DA drops case against Md. man who had wife leashed at York Fair

Liz Evans Scolforo
York Dispatch
Fair goers take to the rides on a rain-free evening at the York Fair, Thursday, Sept. 13, 2018.  John A. Pavoncello photo

A Maryland man accused of wrapping a leash around the neck of his wife — who has severe dementia — at last year's York Fair is no longer facing a criminal charge of simple assault.

The York County District Attorney's Office dropped the case against Walter Wolford Sr., 67, of Hagerstown, according to court records. The DA's office filed its motion to dismiss the case on Monday, Sept. 9, and presiding Common Pleas Judge Harry M. Ness approved it the next day.

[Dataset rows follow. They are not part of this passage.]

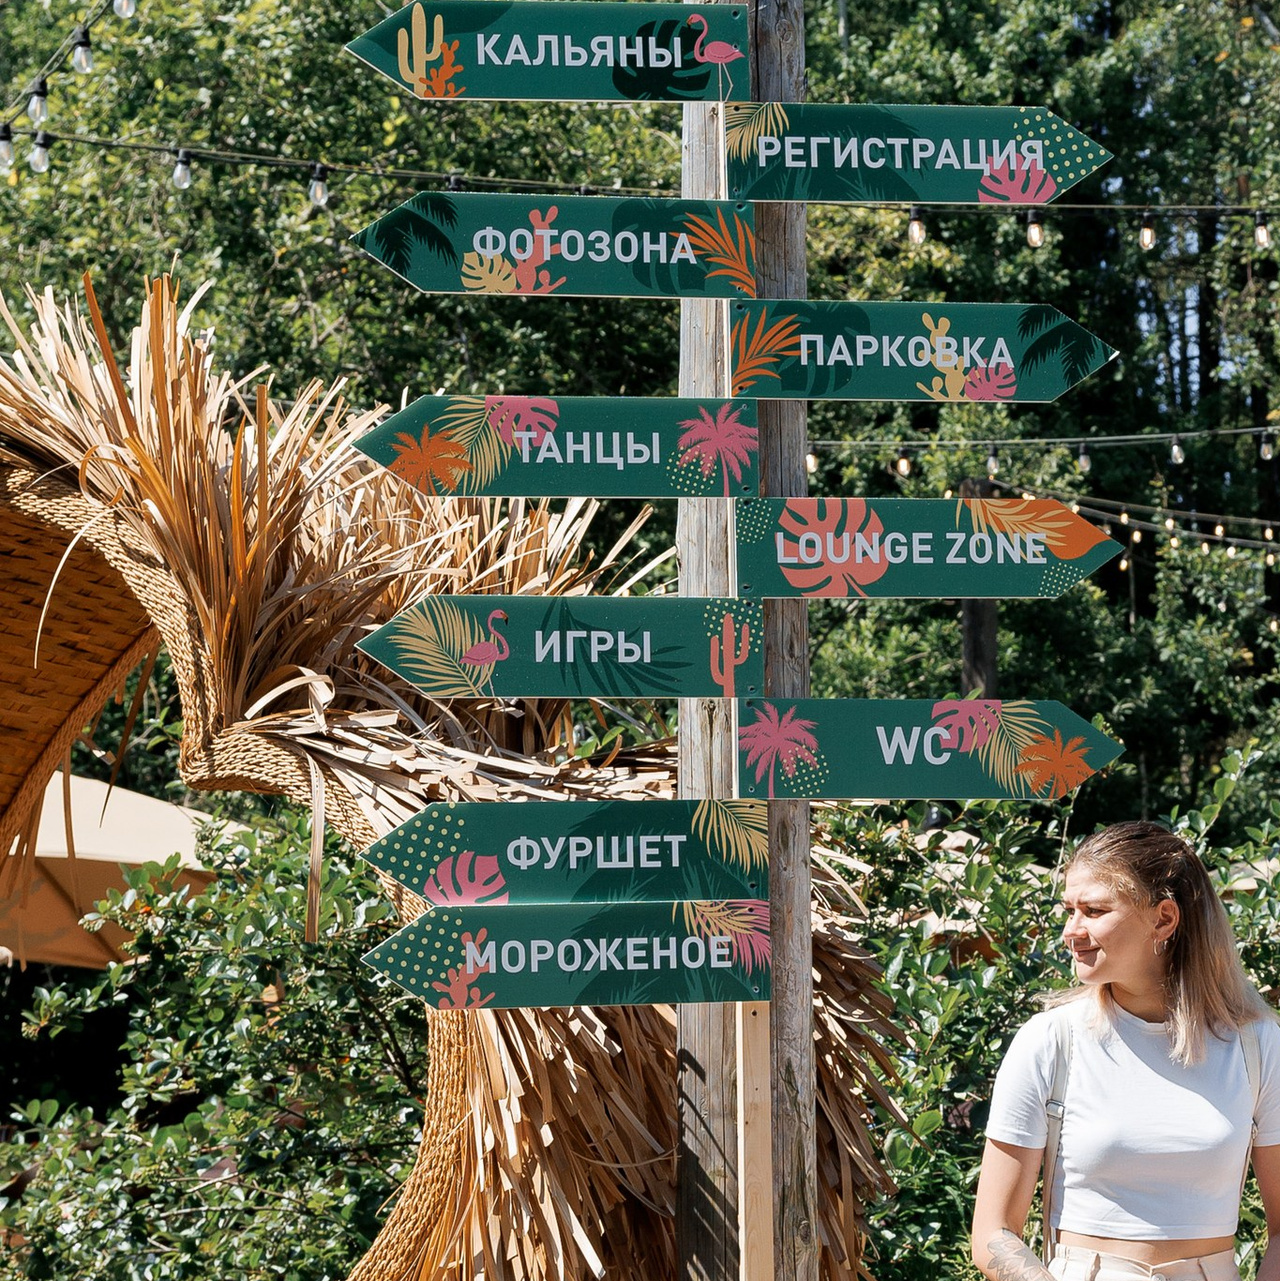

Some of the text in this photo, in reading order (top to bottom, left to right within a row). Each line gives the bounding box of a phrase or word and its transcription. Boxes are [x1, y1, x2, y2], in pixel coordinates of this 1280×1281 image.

[478, 34, 681, 67] КАЛЬЯНЫ
[757, 137, 1043, 176] РЕГИСТРАЦИЯ
[474, 227, 696, 263] ФОТОЗОНА
[801, 335, 1014, 369] ПАРКОВКА
[514, 432, 659, 469] ТАНЦЫ
[777, 531, 1046, 563] LOUNGE ZONE
[536, 631, 650, 662] ИГРЫ
[876, 727, 950, 764] WC
[507, 836, 686, 869] ФУРШЕТ
[466, 934, 732, 973] МОРОЖЕНОЕ

"This is a husband who made an ill-advised decision while attempting to provide his dying wife with a trip to the fair," District Attorney Dave Sunday wrote in his motion. "The District Attorney's office has collaborated with the Washington County, Maryland, Department of Social Services, and after additional investigation they closed the case and stated that the defendant is trying the best he can to care for his wife."

Sunday's motion also states: "I am of the opinion that this case lacks prosecutorial merit."

Defense attorney John Ogden told The York Dispatch it would be much easier for Wolford to put his wife in a nursing home or assisted-living facility, but Wolford thinks he can provide Viola Wolford with a better quality of life in their home.

"He can give her better food, better care and more attention, in his opinion," Ogden said. "He doesn't want to just put her in a room and keep her a shut-in."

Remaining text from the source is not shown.